*PROBLEM TO WORK ON:* Would you please give every entry again exactly, without the pictures?

[Stored items]
[Start of Attachment]

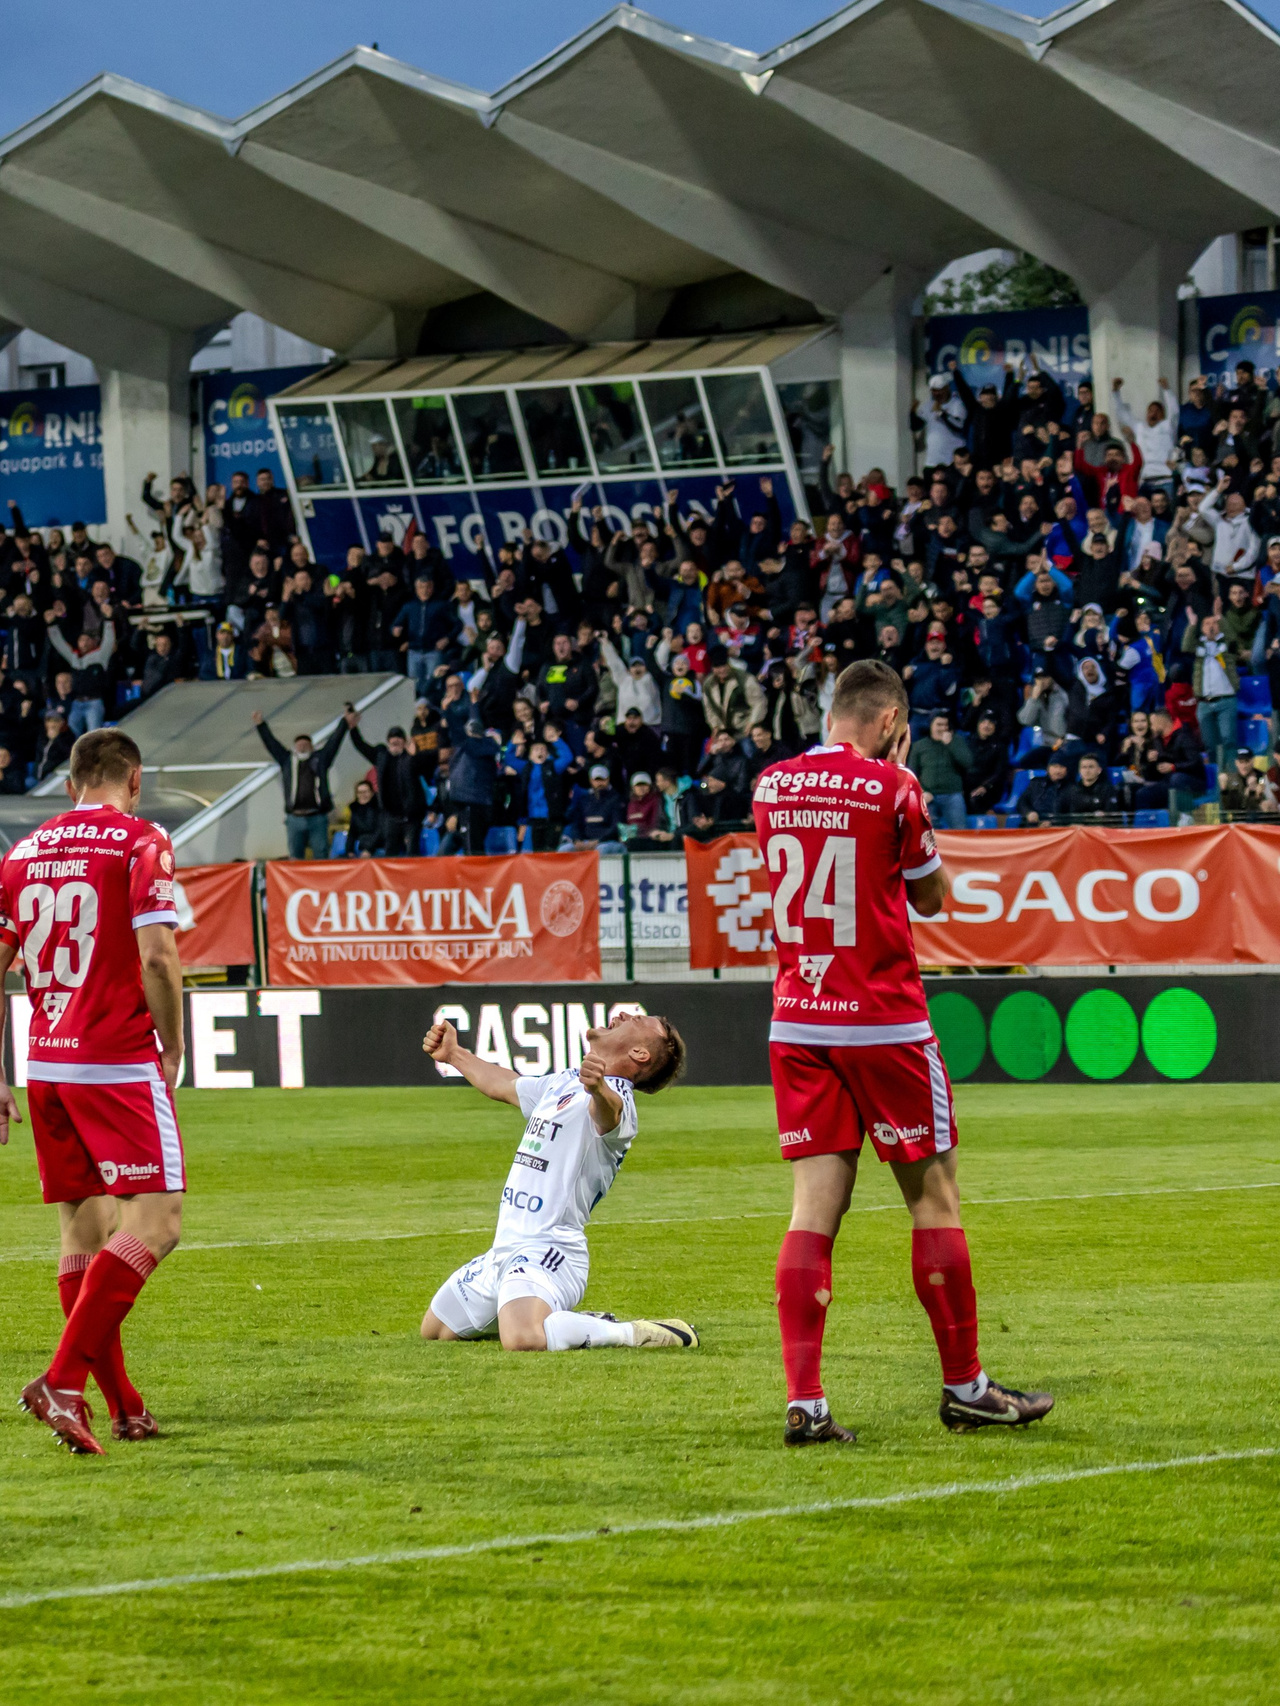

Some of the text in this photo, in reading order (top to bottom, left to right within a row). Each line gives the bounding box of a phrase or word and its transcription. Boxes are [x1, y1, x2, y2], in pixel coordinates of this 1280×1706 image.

[73, 451, 84, 468] &
[769, 770, 884, 795] Regata.ro
[844, 798, 881, 812] Parchet
[768, 809, 850, 830] VELKOVSKI
[32, 822, 128, 846] Regata.ro
[93, 847, 124, 858] Parchet
[26, 859, 89, 880] PATRICHE
[766, 833, 857, 947] 24
[285, 882, 534, 944] CARPATINA
[17, 881, 99, 989] 23
[286, 945, 318, 962] APA
[410, 944, 433, 960] CU
[434, 941, 495, 960] SUFLET
[497, 940, 534, 958] BUN
[800, 998, 859, 1012] GAMING
[38, 1036, 80, 1049] GAMING
[118, 1162, 160, 1176] Tehnic
[532, 1159, 544, 1170] 0%
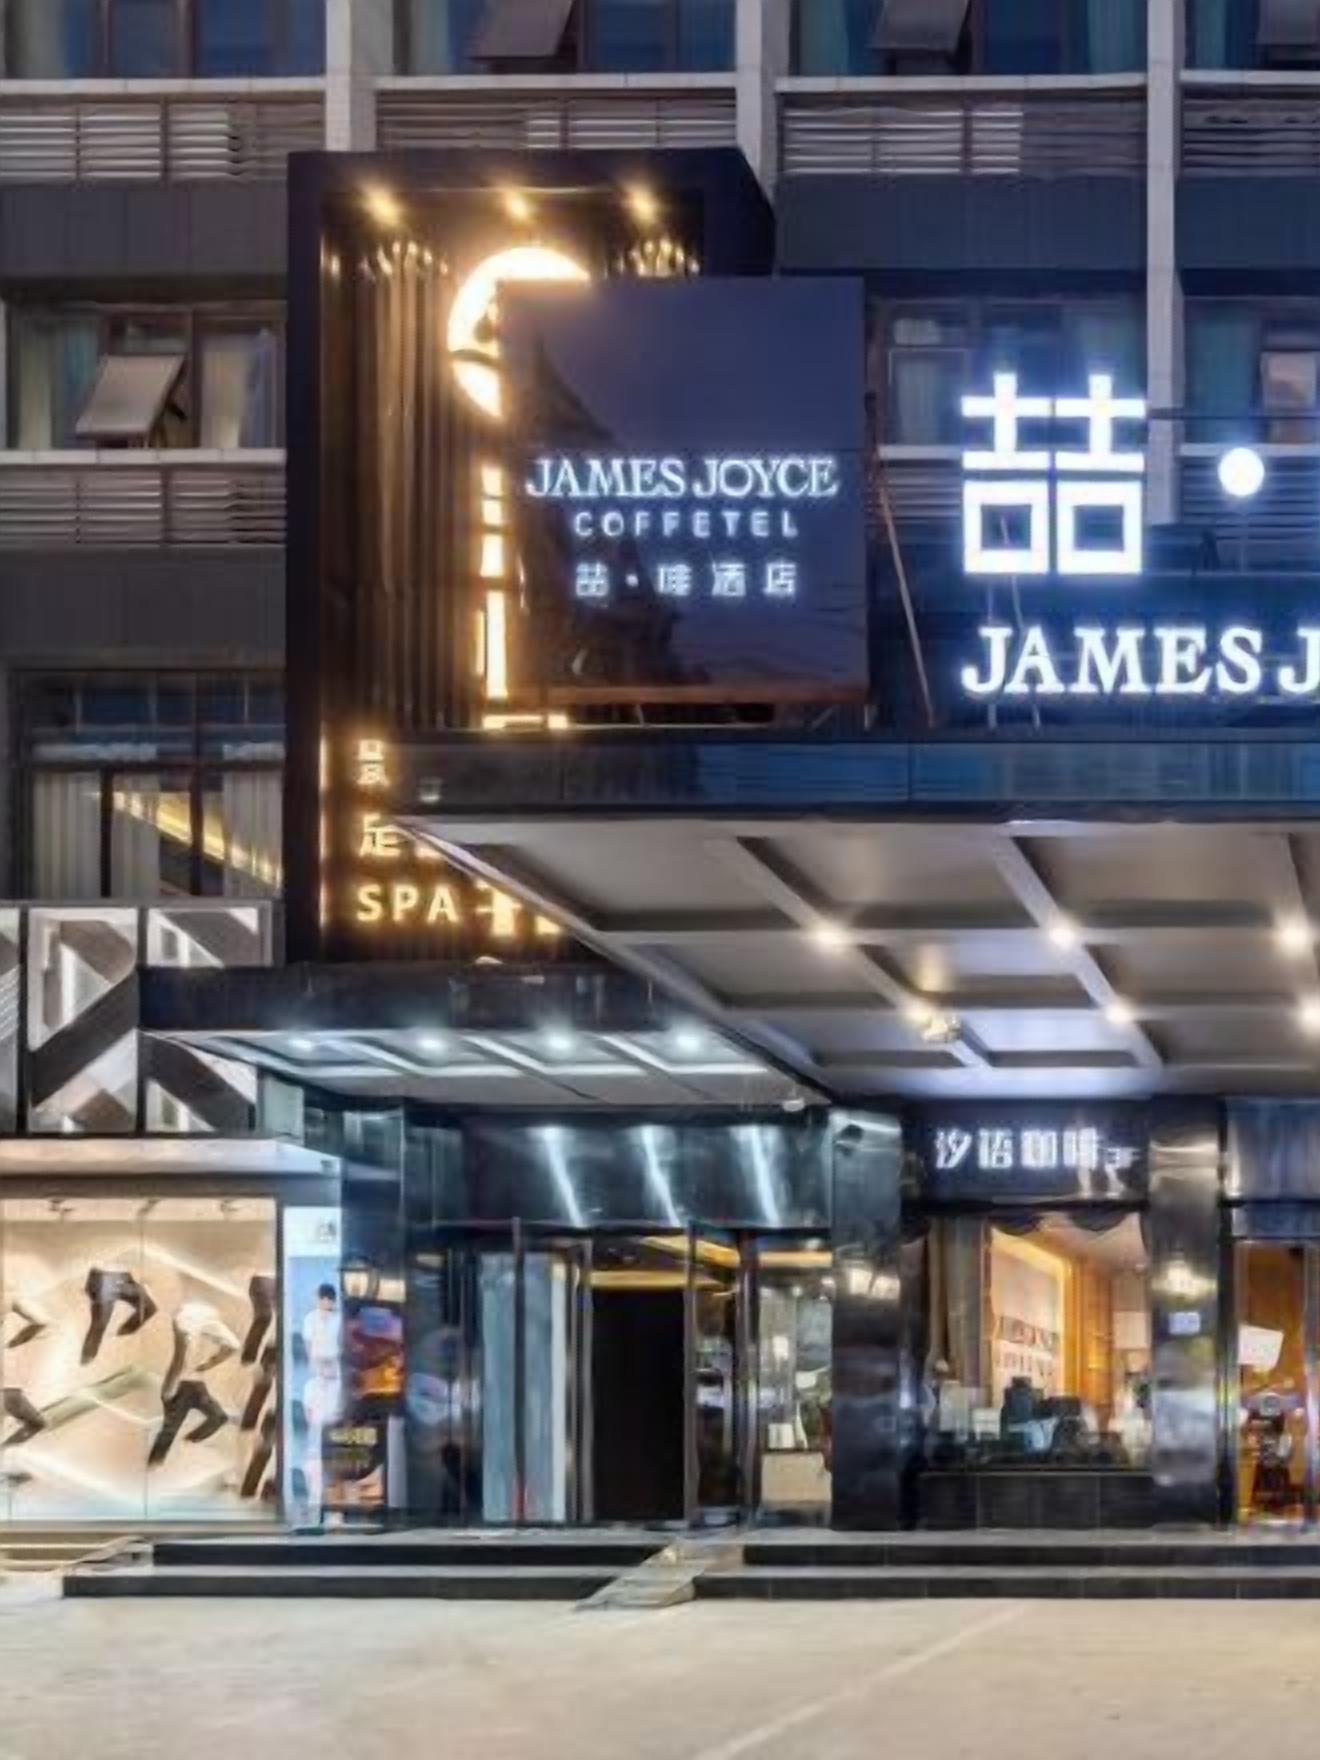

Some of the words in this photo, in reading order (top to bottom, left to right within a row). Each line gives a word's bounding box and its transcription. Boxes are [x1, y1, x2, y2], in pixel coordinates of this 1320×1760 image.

[525, 457, 687, 498] JAMES
[692, 455, 839, 498] JOYCE
[574, 510, 798, 538] COFFETEL
[963, 628, 1262, 695] JAMES
[357, 884, 460, 922] SPA

[End of Attachment]

*REPLY TO THE EXERCISE:*
Some of the text in this photo, in reading order (top to bottom, left to right within a row). Each line gives the bounding box of a phrase or word and its transcription. Boxes are [x1, y1, x2, y2], in pixel coordinates of this 1280×1706 image.

[73, 451, 84, 468] &
[769, 770, 884, 795] Regata.ro
[844, 798, 881, 812] Parchet
[768, 809, 850, 830] VELKOVSKI
[32, 822, 128, 846] Regata.ro
[93, 847, 124, 858] Parchet
[26, 859, 89, 880] PATRICHE
[766, 833, 857, 947] 24
[285, 882, 534, 944] CARPATINA
[17, 881, 99, 989] 23
[286, 945, 318, 962] APA
[410, 944, 433, 960] CU
[434, 941, 495, 960] SUFLET
[497, 940, 534, 958] BUN
[800, 998, 859, 1012] GAMING
[38, 1036, 80, 1049] GAMING
[118, 1162, 160, 1176] Tehnic
[532, 1159, 544, 1170] 0%

Some of the words in this photo, in reading order (top to bottom, left to right within a row). Each line gives a word's bounding box and its transcription. Boxes are [x1, y1, x2, y2], in pixel coordinates of this 1320×1760 image.

[525, 457, 687, 498] JAMES
[692, 455, 839, 498] JOYCE
[574, 510, 798, 538] COFFETEL
[963, 628, 1262, 695] JAMES
[357, 884, 460, 922] SPA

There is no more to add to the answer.